What better subject is there than self? I, myself, could go on for hours about the subject. Just ask my husband. *rimshot*
But seriously, it takes a very talented and compelling author to make the self interesting to a large group of complete strangers without seeming incredibly self-absorbed, rambling, or boring. We want juicy details, the kind of stories you’d normally only share with good friends. We want vulnerability and a peek behind the curtain. What we want least of all is a rote play by play. Give us color and life!
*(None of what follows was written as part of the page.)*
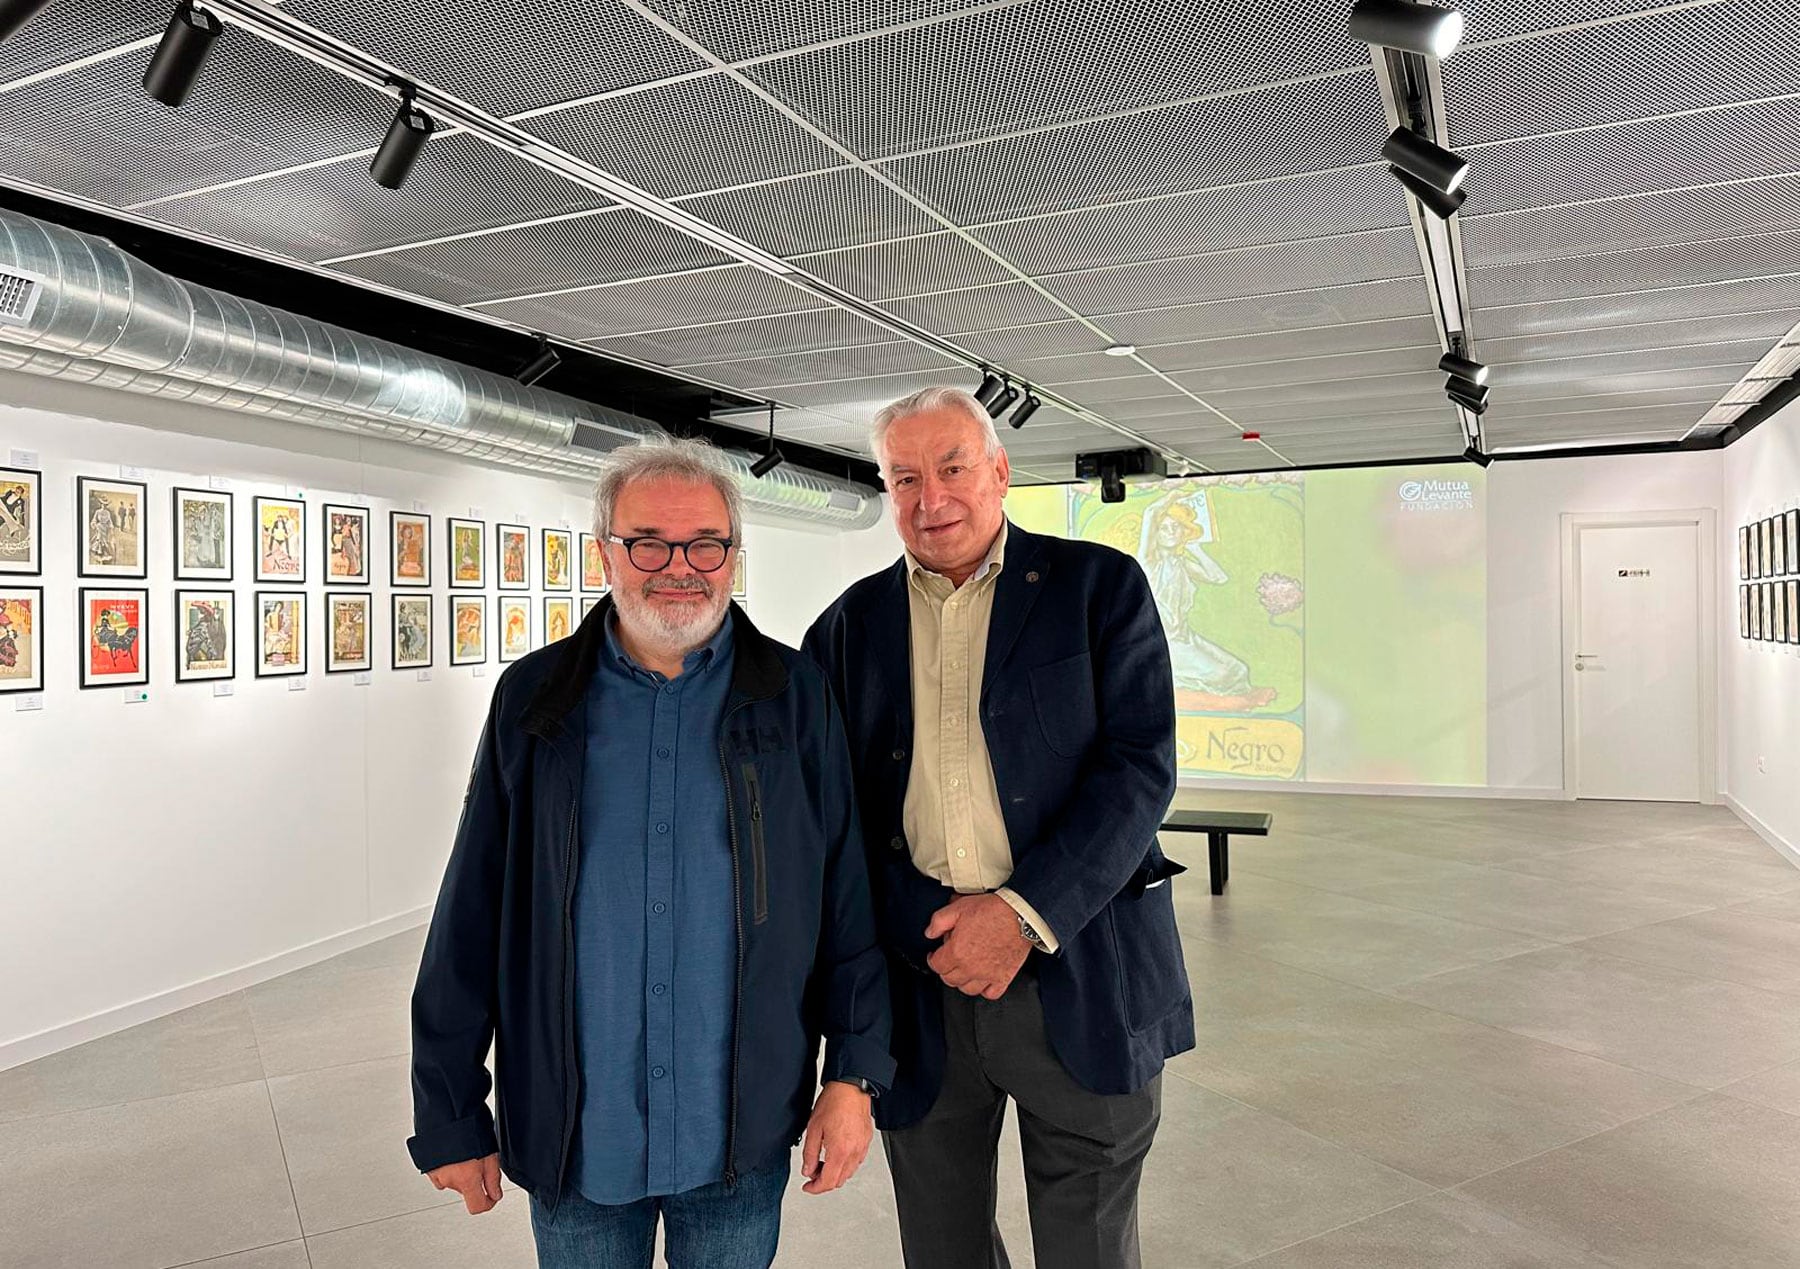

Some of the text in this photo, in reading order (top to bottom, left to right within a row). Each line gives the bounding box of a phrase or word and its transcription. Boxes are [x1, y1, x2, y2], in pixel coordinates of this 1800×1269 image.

[1423, 480, 1469, 491] Mutua
[1421, 489, 1472, 501] Levante
[1206, 726, 1285, 770] Negro
If I wanted to read Wikipedia, I’d watch the Crown. (And of course, it’s a queer act to skip automatically and immediately to the Personal Life section.)
It just so happens that the library has sent me a couple different (sort of) memoir forms in quick succession, so let’s celebrate that below. It’s also another week where all the authors happen to be very attractive people, which seems like an unfair distribution of gifts from some higher power.
THE LIBRARY IS OPEN
A Minor Chorus
by Billy-Ray Belcourt (2022)
One of my loudest soapbox items as a reader is finding books with stories that occur outside of major American cities. We’ve tread so much ground in LA and NY that I place an informal quota on the number of books I read each year that are set in these places. I was thrilled, then, when one of the many algorithms I unwillingly participate in brought A Minor Chorus to my attention. It’s set in Northern Alberta, a place I’ve never been and, and if we’re being honest, am unlikely to ever go. It’s also blurs the lines between memoir and not really a memoir, prose and poetry, and truth and embellishment in clever and profound ways.
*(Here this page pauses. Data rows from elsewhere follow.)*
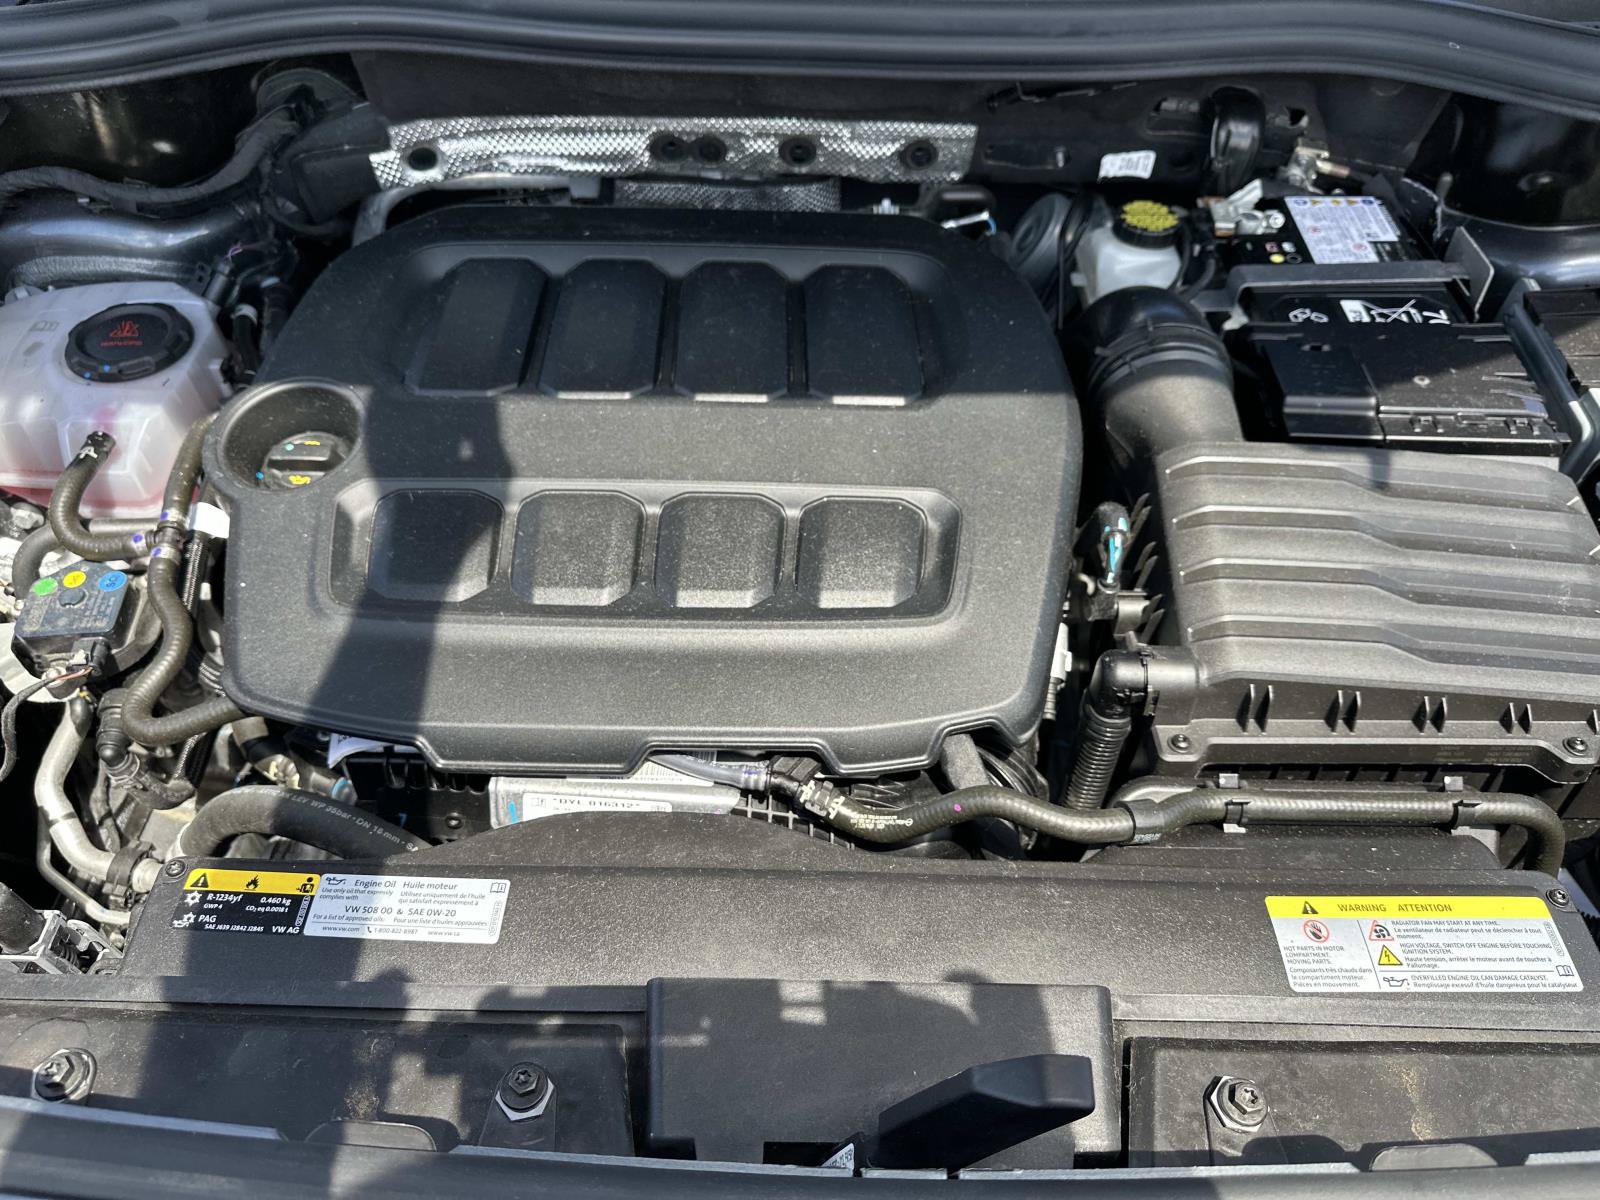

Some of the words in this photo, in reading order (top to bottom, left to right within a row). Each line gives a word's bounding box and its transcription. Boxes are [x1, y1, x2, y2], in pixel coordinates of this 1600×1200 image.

[310, 799, 327, 809] WP
[326, 805, 352, 820] 35bar
[355, 817, 371, 829] DN
[372, 824, 383, 835] 16
[383, 831, 401, 844] mm
[354, 880, 383, 888] Engine
[384, 880, 397, 888] Oil
[402, 881, 427, 889] Huile
[426, 882, 458, 890] moteur
[206, 894, 244, 905] R-1234yf
[260, 896, 282, 904] 0.460
[282, 897, 292, 906] kg
[345, 905, 361, 913] VW
[361, 906, 379, 914] 508
[408, 908, 425, 916] SAE
[1337, 904, 1387, 912] WARNING
[1398, 904, 1453, 912] ATTENTION
[286, 926, 300, 934] AG
Our protagonist, a queer Indigenous doctoral student, is adrift and uninspired by his work and steps away from his university to write a novel to figure himself out and reflect the lives of those around him, namely other Indigenous folks who are underrepresented in writing. It’s unclear how much of what happens is the real-life experience of our author, a queer Indigenous poet who wants to write a novel, but he weaves the experience of family members, Tribe members, and himself through essays which are couched as conversations to research his novel. We meet his incarcerated cousin, his matriarch grandmother, and many Grindr hookups. (Anyone who’s ever used Grindr in rural areas can attest to the bleak landscape presented here.)
The punchy novel is more like a novella, but it’s packed with things that will stick with you. If you’ve come for a plot with any sort of velocity, you’ve come to the wrong place. Try another province, perhaps. The strong writing, no surprise from a poet, is the main attraction here, and if you’re curious about places and people outside of your orbit, chances are this might be a great place to open your mind.
Read it if you like: Indigenous culture, CanCon lit, gay sex scenes, auto-fiction, people fleeing academia
My Government Means to Kill Me
by Rasheed Newson (2022)
This book cover absolutely rules, no? This novel does too. The title is badass. And when speaking about it, it gives the reader the excellent opportunity to use a big, German literature word because it’s a bildungsroman! This wonderful bildungsroman is constructed as a fictional memoir of a Black, queer, teenage runaway who grows up in and around the early AIDS activism movement in New York in the 80s/90s. (If you, too, have a limit regarding the number of New York books you read in a year, this is an excellent book that should surely make the cut.)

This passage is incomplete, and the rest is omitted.